In the 1940s a migration from Puerto Rico to the Camden area began. Don Antonio gave three tickets to Dona Maria and two of the children in 1945. He arrived two years later with two more children. As the family had business and real estate in Puerto Rico, the Sanabrias would travel back in forth between Camden and the island for several years. The older sons decided to remain in Puerto Rico.
One son, Jose Antonio Sanabria, went on to become quite prominent in politics on the island. Daughter Carmen Leonarda Sanabria would be born in Mayaguez on July 8, 1952. After graduating from Camden County Community College, she would become a probation officer.

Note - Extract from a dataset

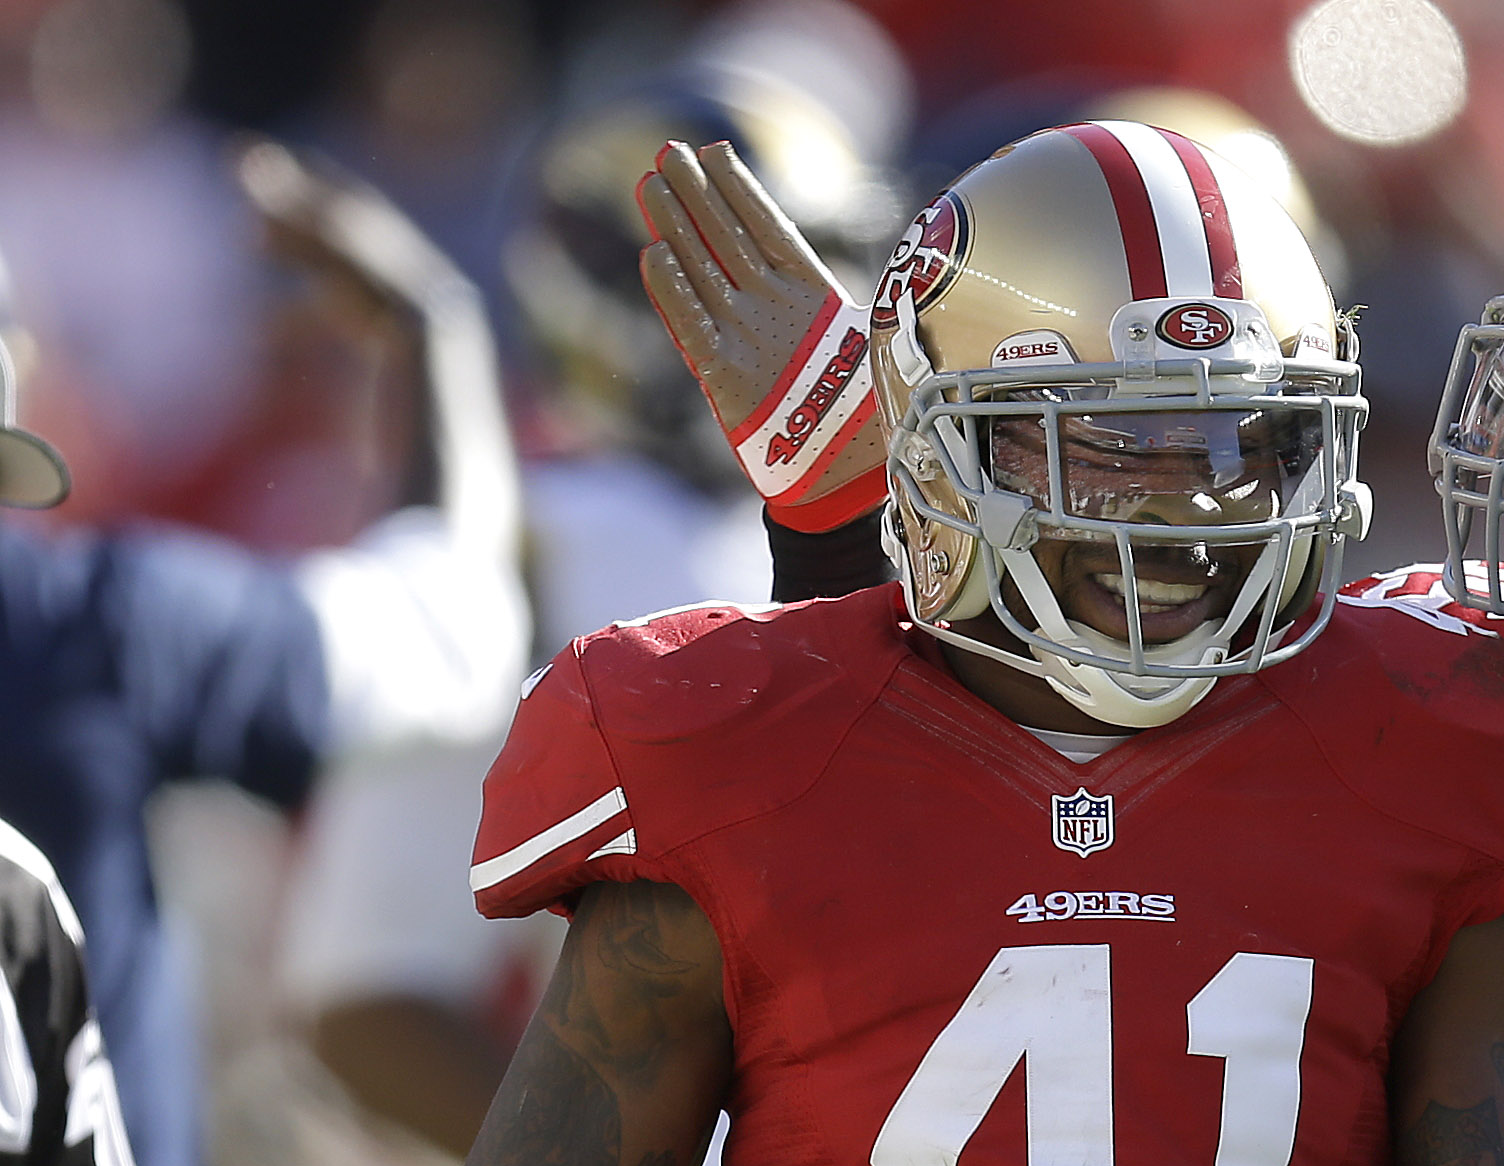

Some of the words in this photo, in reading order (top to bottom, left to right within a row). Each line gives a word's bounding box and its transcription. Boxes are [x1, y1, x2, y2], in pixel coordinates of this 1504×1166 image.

Skilled as a seamstress and many years her husband's junior, Dona Maria found work at the DiPaola Coat Factory in Camden. Don Antonio had left his business in Puerto Rico when he came here. The Sanabria family lived at different times at 412 Cherry Street, and later on Division Street in Camden. In 1969, Don Antonio fathered his last child, at the age of 78, when Dona Maria bore to him Beatrice Maria de los Angeles Sanabria. Don Antonio Sanabria passed away on June 6, 1992 in Camden NJ at the home of his daughter Beatrice. Dona Maria joined him two years later.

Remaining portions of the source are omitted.